Department of Community Medicine & Health Care, University of Connecticut Health Center, 263 Farmington Avenue, MC 6325, Farmington, CT, 06030-6325, USA.
Institute for Collaboration on Health, Intervention, and Policy, University of Connecticut, Storrs, CT, USA.
AIDS Behav. 2018 Apr;22(4):1228-1238. doi: 10.1007/s10461-017-1851-1.

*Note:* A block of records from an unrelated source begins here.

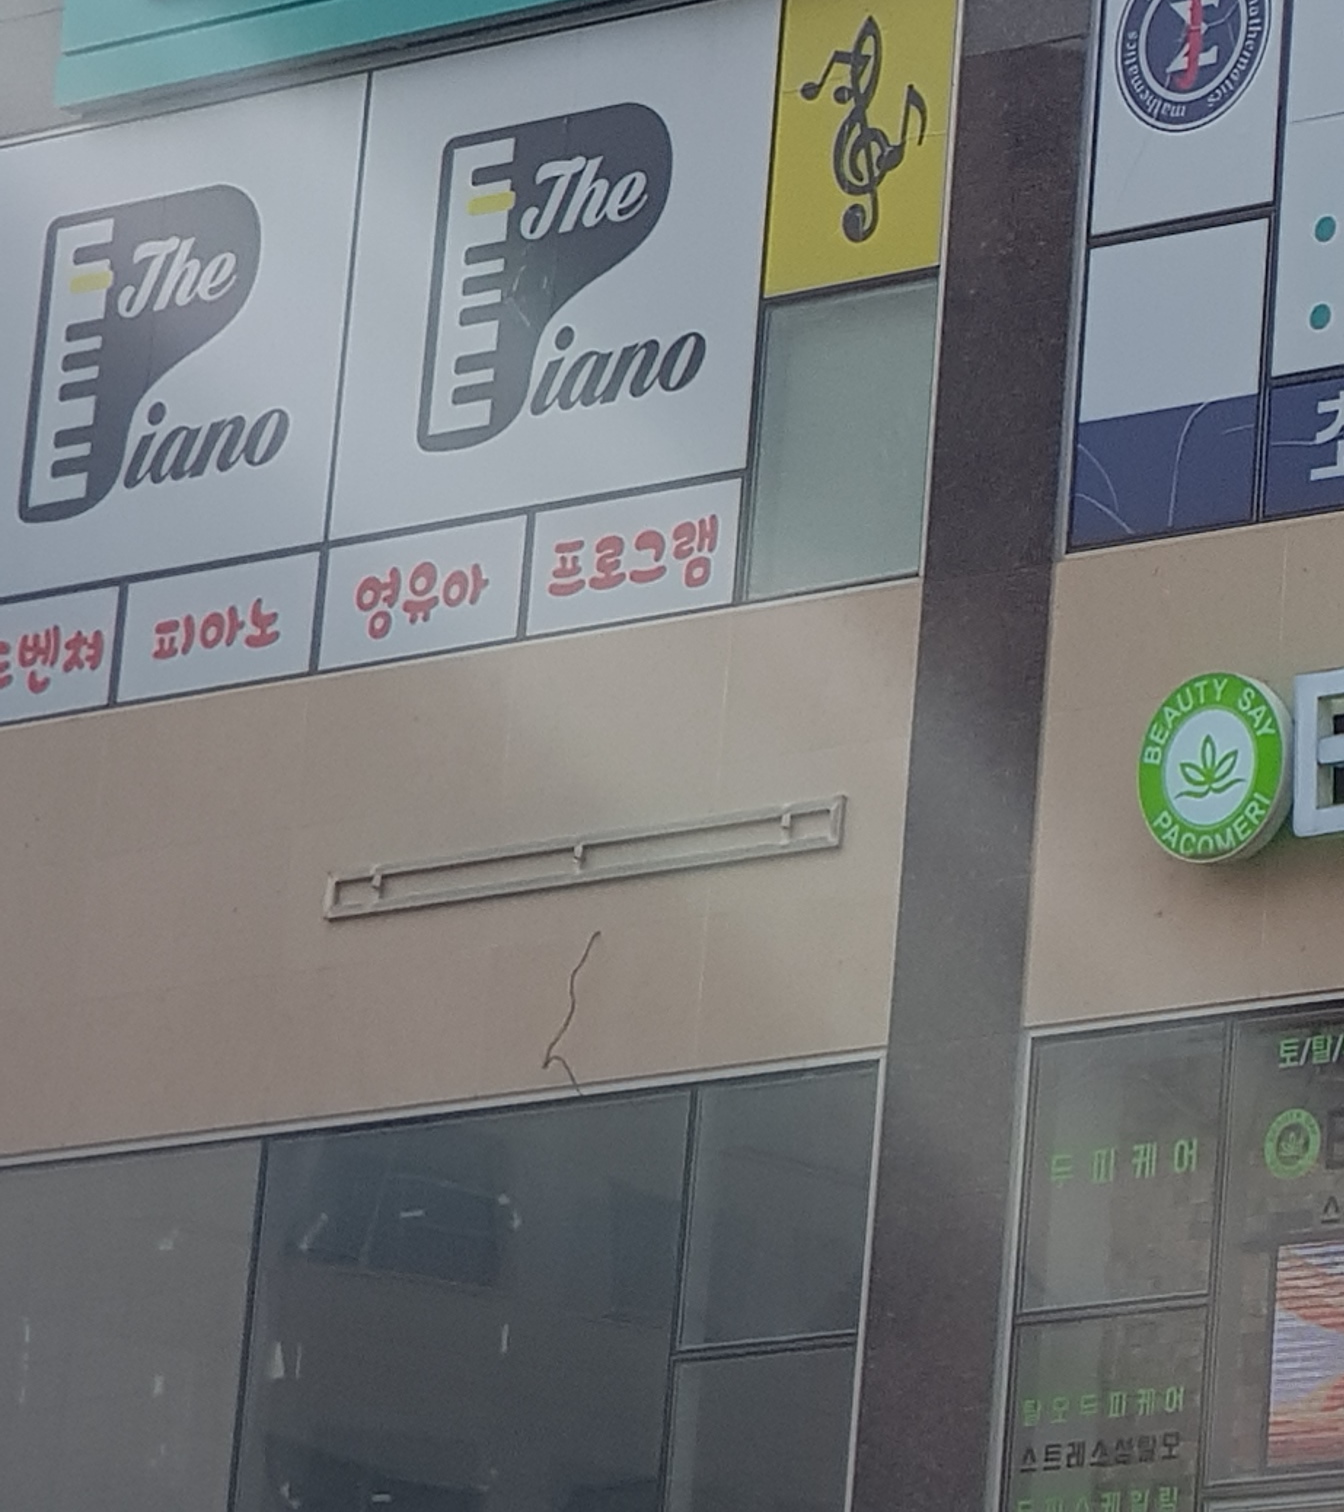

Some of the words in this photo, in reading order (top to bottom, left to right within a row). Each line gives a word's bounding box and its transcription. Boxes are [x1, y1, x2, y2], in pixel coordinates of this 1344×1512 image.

[520, 156, 648, 241] The
[118, 234, 238, 320] The
[152, 599, 282, 661] 피아노
[355, 561, 490, 641] 영유아
[547, 514, 721, 597] 프로그램
[1143, 678, 1228, 764] BEAUTY
[1238, 687, 1276, 736] SAY
[1152, 792, 1271, 855] PACOMERI

Although people who use drugs (PWUD) are one of the key risk populations who could benefit from the use of pre-exposure prophylaxis (PrEP), to date, little attention has been given to incorporating PrEP into HIV prevention approaches targeting this underserved group. This study investigated the acceptability of PrEP based on a number of known PrEP attributes among high-risk PWUD in a drug treatment setting. A total of 400 HIV-negative PWUD, who reported drug- and/or sex-related risk behaviors were recruited from a methadone clinic to complete a stated preference (full-profile conjoint) survey. Participants ranked the eight hypothetical PrEP program scenarios with varied combinations of six attributes related to PrEP (cost, dosing, efficacy, side-effects, treatment setting, and frequency of HIV testing). SPSS conjoint procedure was used to estimate the relative importance of each attribute and preferences across eight possible PrEP delivery programs. PrEP acceptability ranged from 30.6 to 86.3% with a mean acceptability of 56.2% across the eight hypothetical PrEP program scenarios. The PrEP program scenario with the highest acceptability had the following attribute levels: insurance covered, daily dosing, 95% effective, no side-effects, treatment at HIV clinic, and HIV testing needed every 6 months. The cost associated with PrEP was the most important attribute (relative importance score: RIS = 38.8), followed by efficacy (RIS = 20.5) and side effects (RIS = 11.9); other attributes had no significant effect. Our findings reported a high acceptability of PrEP in response to different PrEP program scenarios with different attribute profiles. As the result of having this information, researchers and policymakers will be better equipped for evidence informed targeting and dissemination efforts to optimize PrEP uptake among this underserved population.
尽管使用毒品的人(PWUD)是可以从使用暴露前预防(PrEP)中受益的关键风险人群之一,但迄今为止,针对这一未得到充分服务的群体,将 PrEP 纳入艾滋病毒预防方法的关注甚少。本研究调查了在药物治疗环境中,高危 PWUD 对基于一些已知 PrEP 属性的 PrEP 的可接受性。从美沙酮诊所招募了 400 名 HIV 阴性的 PWUD,他们报告了与毒品和/或性行为相关的风险行为,以完成一项既定偏好(完整概况联合)调查。参与者对八种假设的 PrEP 方案进行了排名,这些方案具有与 PrEP 相关的六个属性(成本、剂量、疗效、副作用、治疗场所和 HIV 检测频率)的不同组合。使用 SPSS 联合程序来估计每个属性和在八个可能的 PrEP 提供方案中的偏好的相对重要性。PrEP 的可接受性范围从 30.6%到 86.3%,在八个假设的 PrEP 方案中,平均可接受性为 56.2%。接受程度最高的 PrEP 方案具有以下属性水平:保险涵盖、每日剂量、95%有效、无副作用、在 HIV 诊所治疗和每 6 个月需要进行 HIV 检测。PrEP 相关成本是最重要的属性(相对重要性评分:RIS = 38.8),其次是疗效(RIS = 20.5)和副作用(RIS = 11.9);其他属性没有显著影响。我们的研究结果报告了不同 PrEP 方案对不同属性配置的高接受程度。由于有了这些信息,研究人员和政策制定者将能够更好地进行基于证据的靶向和传播工作,以优化这一未得到充分服务的人群对 PrEP 的接受程度。